[About this task] Please print every line from the one containing "this 1280×1440 image." through the last line of the records below, exactly as written and nothing more.
#####
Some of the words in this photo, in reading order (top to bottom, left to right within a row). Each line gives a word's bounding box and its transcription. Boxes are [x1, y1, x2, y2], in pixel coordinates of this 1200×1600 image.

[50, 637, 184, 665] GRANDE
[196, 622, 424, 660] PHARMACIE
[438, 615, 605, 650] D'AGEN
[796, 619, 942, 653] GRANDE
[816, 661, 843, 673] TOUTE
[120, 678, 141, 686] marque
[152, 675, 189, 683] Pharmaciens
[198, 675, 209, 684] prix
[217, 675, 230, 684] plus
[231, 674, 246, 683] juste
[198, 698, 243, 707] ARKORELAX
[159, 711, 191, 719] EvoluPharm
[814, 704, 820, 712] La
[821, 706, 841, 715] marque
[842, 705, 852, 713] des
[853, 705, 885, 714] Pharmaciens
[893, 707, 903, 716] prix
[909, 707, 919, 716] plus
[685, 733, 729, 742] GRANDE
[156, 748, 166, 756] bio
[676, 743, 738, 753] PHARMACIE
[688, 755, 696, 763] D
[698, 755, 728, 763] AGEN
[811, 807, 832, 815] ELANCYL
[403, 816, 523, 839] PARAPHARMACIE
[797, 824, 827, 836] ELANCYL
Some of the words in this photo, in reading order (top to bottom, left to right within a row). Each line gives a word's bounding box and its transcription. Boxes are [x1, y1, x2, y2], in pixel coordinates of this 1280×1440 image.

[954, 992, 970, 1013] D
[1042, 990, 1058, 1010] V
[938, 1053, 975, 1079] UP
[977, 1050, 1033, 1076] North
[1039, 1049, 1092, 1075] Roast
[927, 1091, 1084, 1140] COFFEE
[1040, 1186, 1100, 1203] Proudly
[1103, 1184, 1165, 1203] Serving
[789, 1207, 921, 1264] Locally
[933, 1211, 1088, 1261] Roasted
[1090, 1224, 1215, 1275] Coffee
#####
[Written solution]
Some of the words in this photo, in reading order (top to bottom, left to right within a row). Each line gives a word's bounding box and its transcription. Boxes are [x1, y1, x2, y2], in pixel coordinates of this 1280×1440 image.

[954, 992, 970, 1013] D
[1042, 990, 1058, 1010] V
[938, 1053, 975, 1079] UP
[977, 1050, 1033, 1076] North
[1039, 1049, 1092, 1075] Roast
[927, 1091, 1084, 1140] COFFEE
[1040, 1186, 1100, 1203] Proudly
[1103, 1184, 1165, 1203] Serving
[789, 1207, 921, 1264] Locally
[933, 1211, 1088, 1261] Roasted
[1090, 1224, 1215, 1275] Coffee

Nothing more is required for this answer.